Motility, rigidity and turnover of dopamine in the striatum after administration of morphine to rats: a re-evaluation of their mechanisms.

Whether the delayed behavioural activation and the increase in dopamine (DA) turnover in the striatum reflect signs of rebound effects or of counter-regulatory processes directed against locomotor depression and/or muscular rigidity was studied in rats. Administration of a large dose of morphine (30 mg/kg i.p.) induced strong muscular rigidity, which was measured as tonic activity in the electromyogram (EMG). This effect was maximal after one hour and disappeared during the fourth hour. The locomotor activity, on the other hand, disappeared after 30 min and re-appeared during the fourth hour, followed by a locomotor stimulation with a maximum after 4.5 hr.
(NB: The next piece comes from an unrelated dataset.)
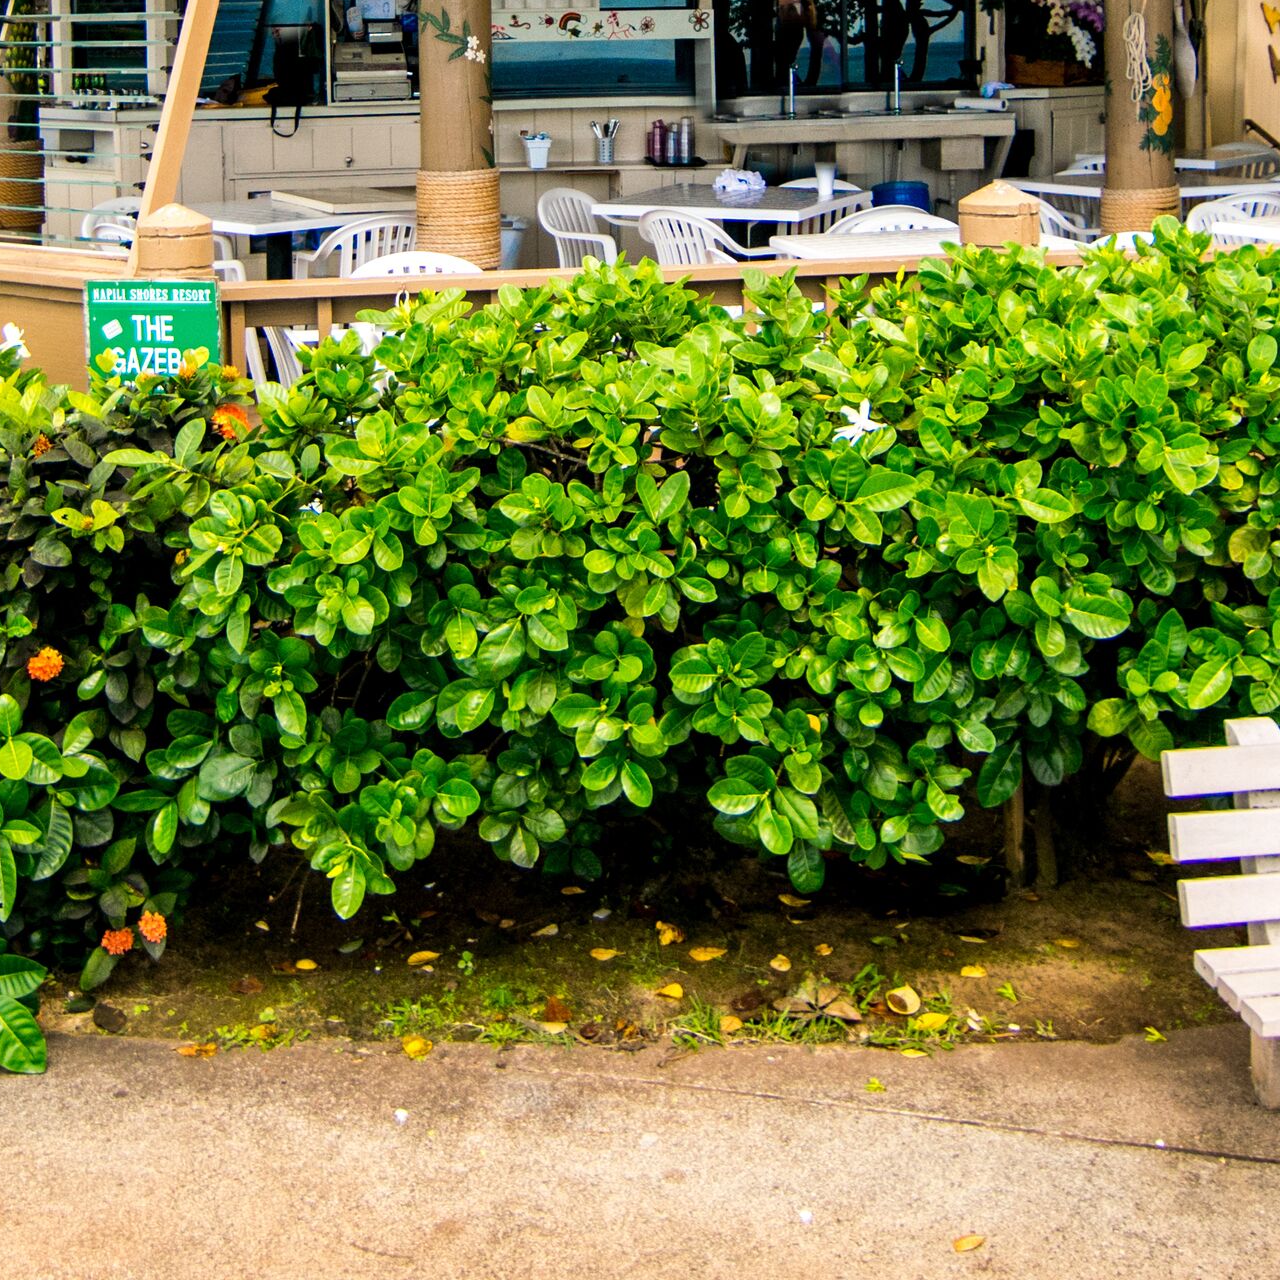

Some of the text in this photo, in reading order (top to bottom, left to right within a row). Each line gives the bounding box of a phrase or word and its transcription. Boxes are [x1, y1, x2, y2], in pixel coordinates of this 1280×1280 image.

[93, 288, 211, 301] NAPILI SHORES RESORT
[131, 314, 174, 342] THE
[111, 347, 192, 374] GAZEB
Striatal lesions produced with kainic acid did not affect the complete locomotor depression (akinesia), except by slightly prolonging this effect, and did not influence the delayed locomotor stimulation. These lesions did not inhibit, but, on the contrary, enhanced the increase in striatal concentration of 3,4-dihydroxyphenylacetic acid (DOPAC). Injections of morphine (10 micrograms) into the substantia nigra led to an increase in the level of DOPAC in the ipsilateral, but not the contralateral striatum. These results, in conjunction with those of other authors, suggest that the increase in DA turnover in the striatum and the delayed locomotor stimulation ought to be regarded as actions of morphine on sites different from those mediating muscular rigidity.